PROBLEM TO SOLVE:
Output the entries exactly as they appear. Pictures should not be included.

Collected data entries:
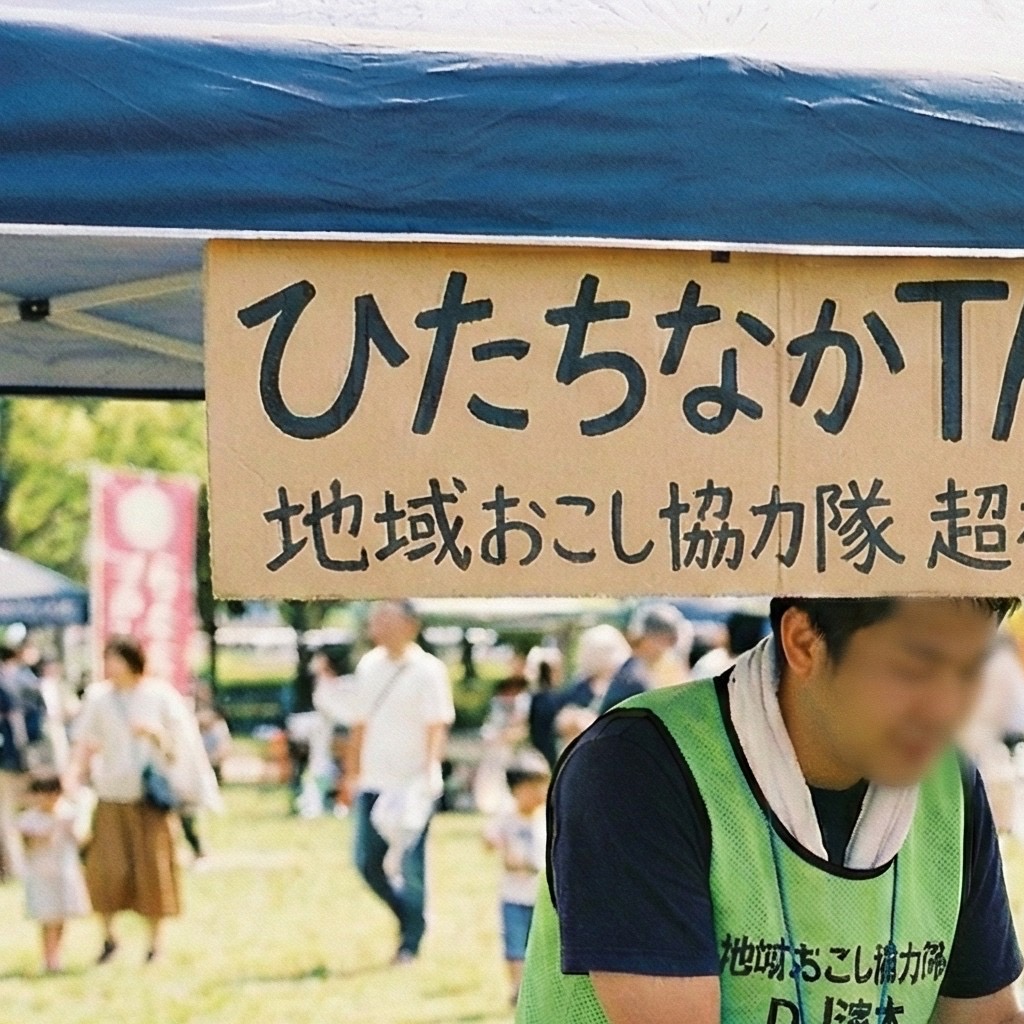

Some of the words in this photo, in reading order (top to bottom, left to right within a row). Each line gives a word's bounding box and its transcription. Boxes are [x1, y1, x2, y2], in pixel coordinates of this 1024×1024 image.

[263, 476, 906, 575] 地域おこし協力隊
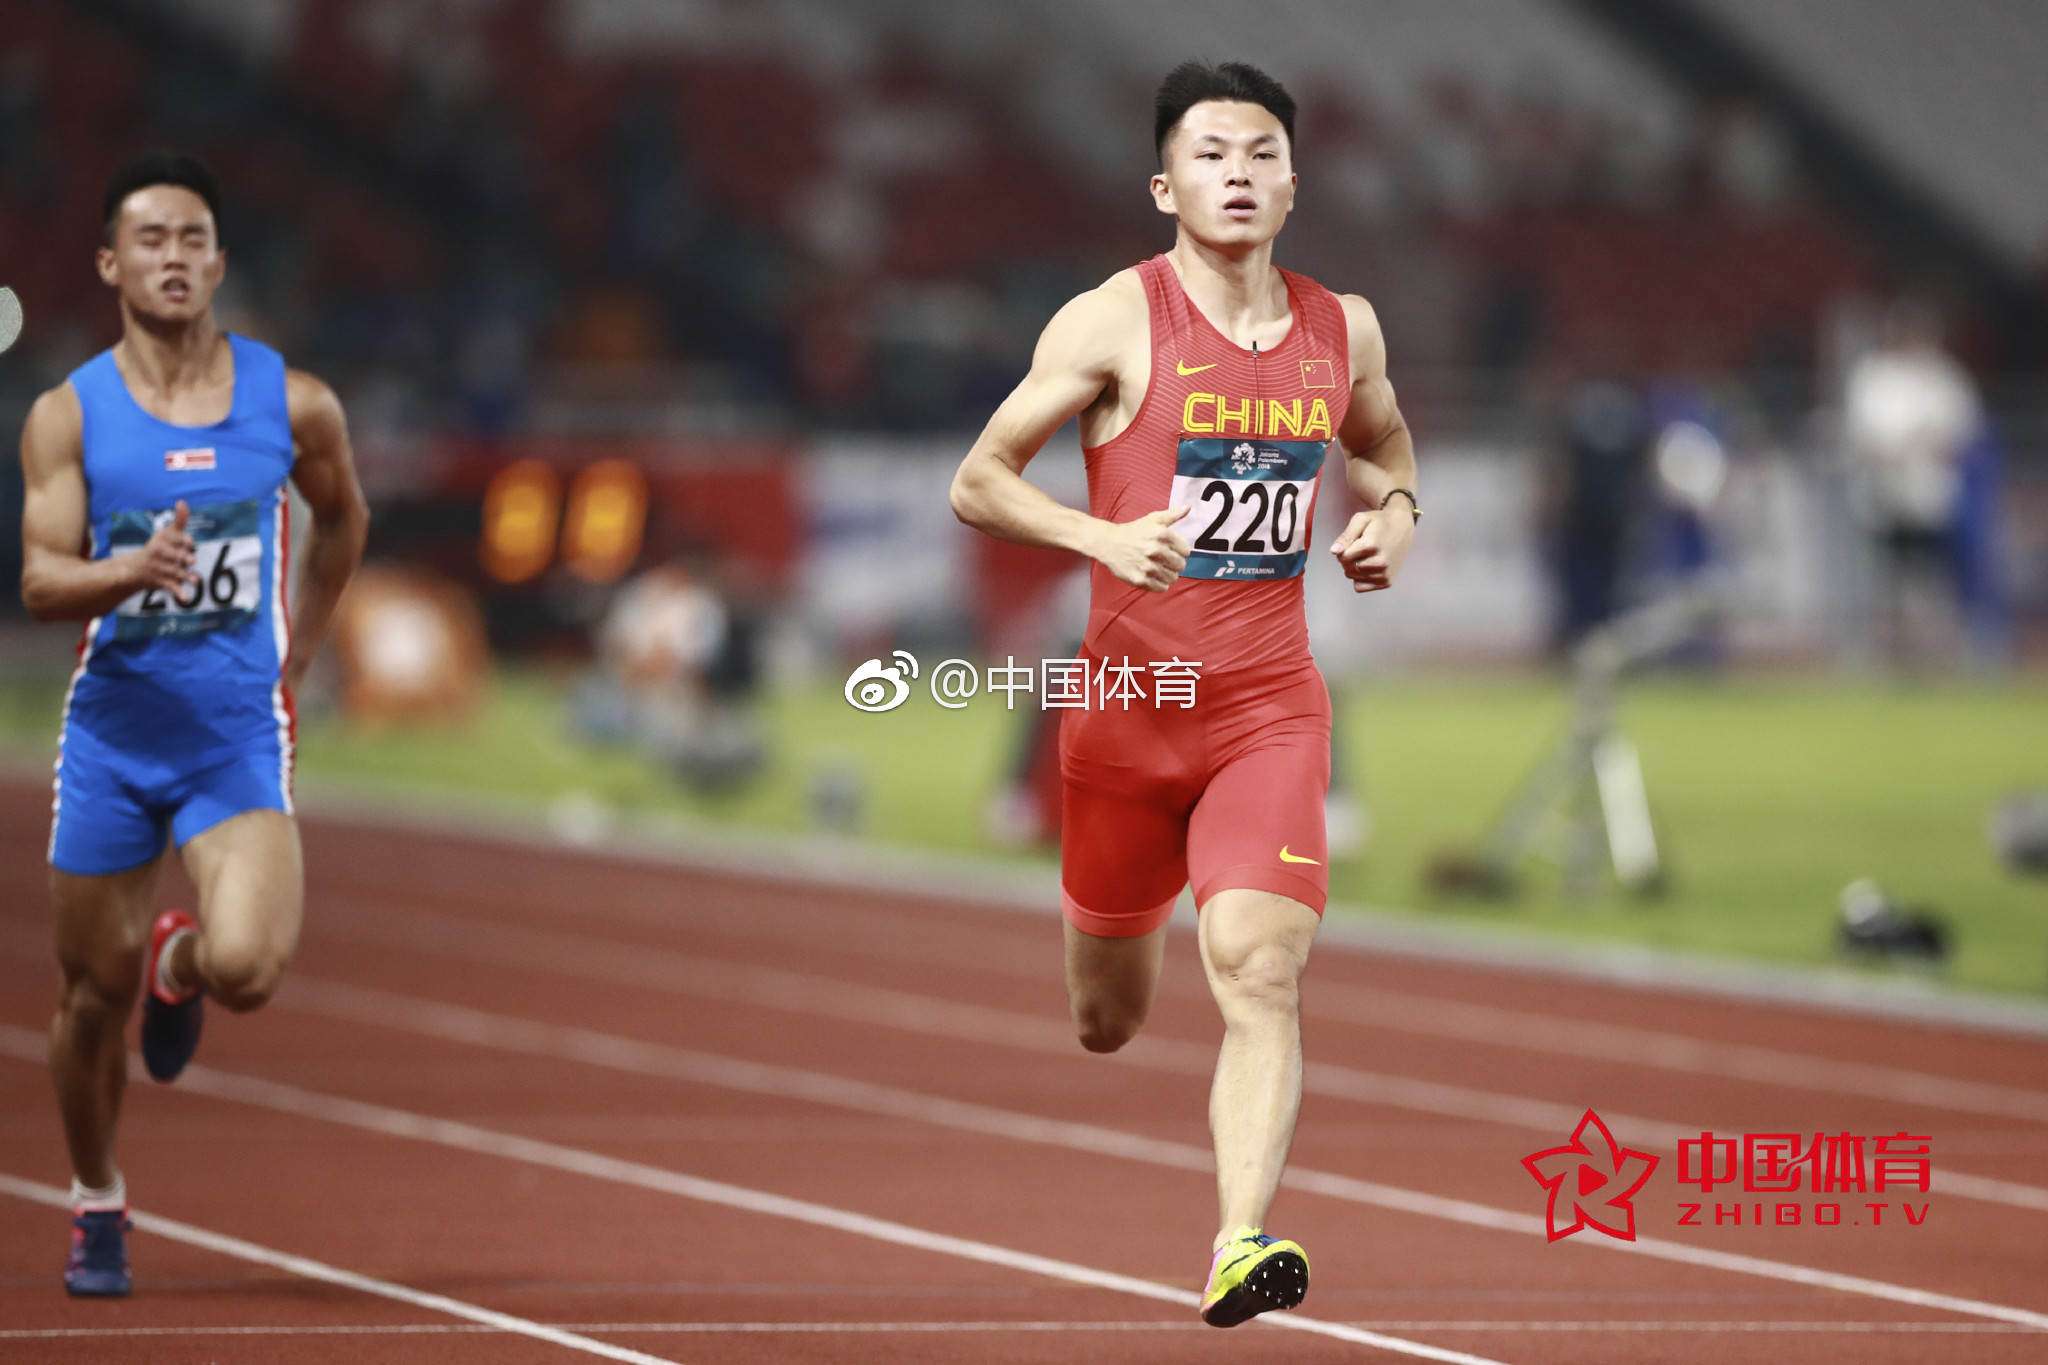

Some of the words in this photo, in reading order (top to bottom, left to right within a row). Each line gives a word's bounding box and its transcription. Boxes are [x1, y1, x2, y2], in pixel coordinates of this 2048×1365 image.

[1182, 392, 1332, 440] CHINA
[1193, 480, 1300, 553] 220
[1237, 567, 1275, 575] PERTAMINA

RESPONSE TO THIS EXERCISE:
Some of the words in this photo, in reading order (top to bottom, left to right within a row). Each line gives a word's bounding box and its transcription. Boxes are [x1, y1, x2, y2], in pixel coordinates of this 1024×1024 image.

[263, 476, 906, 575] 地域おこし協力隊

Some of the words in this photo, in reading order (top to bottom, left to right within a row). Each line gives a word's bounding box and its transcription. Boxes are [x1, y1, x2, y2], in pixel coordinates of this 2048×1365 image.

[1182, 392, 1332, 440] CHINA
[1193, 480, 1300, 553] 220
[1237, 567, 1275, 575] PERTAMINA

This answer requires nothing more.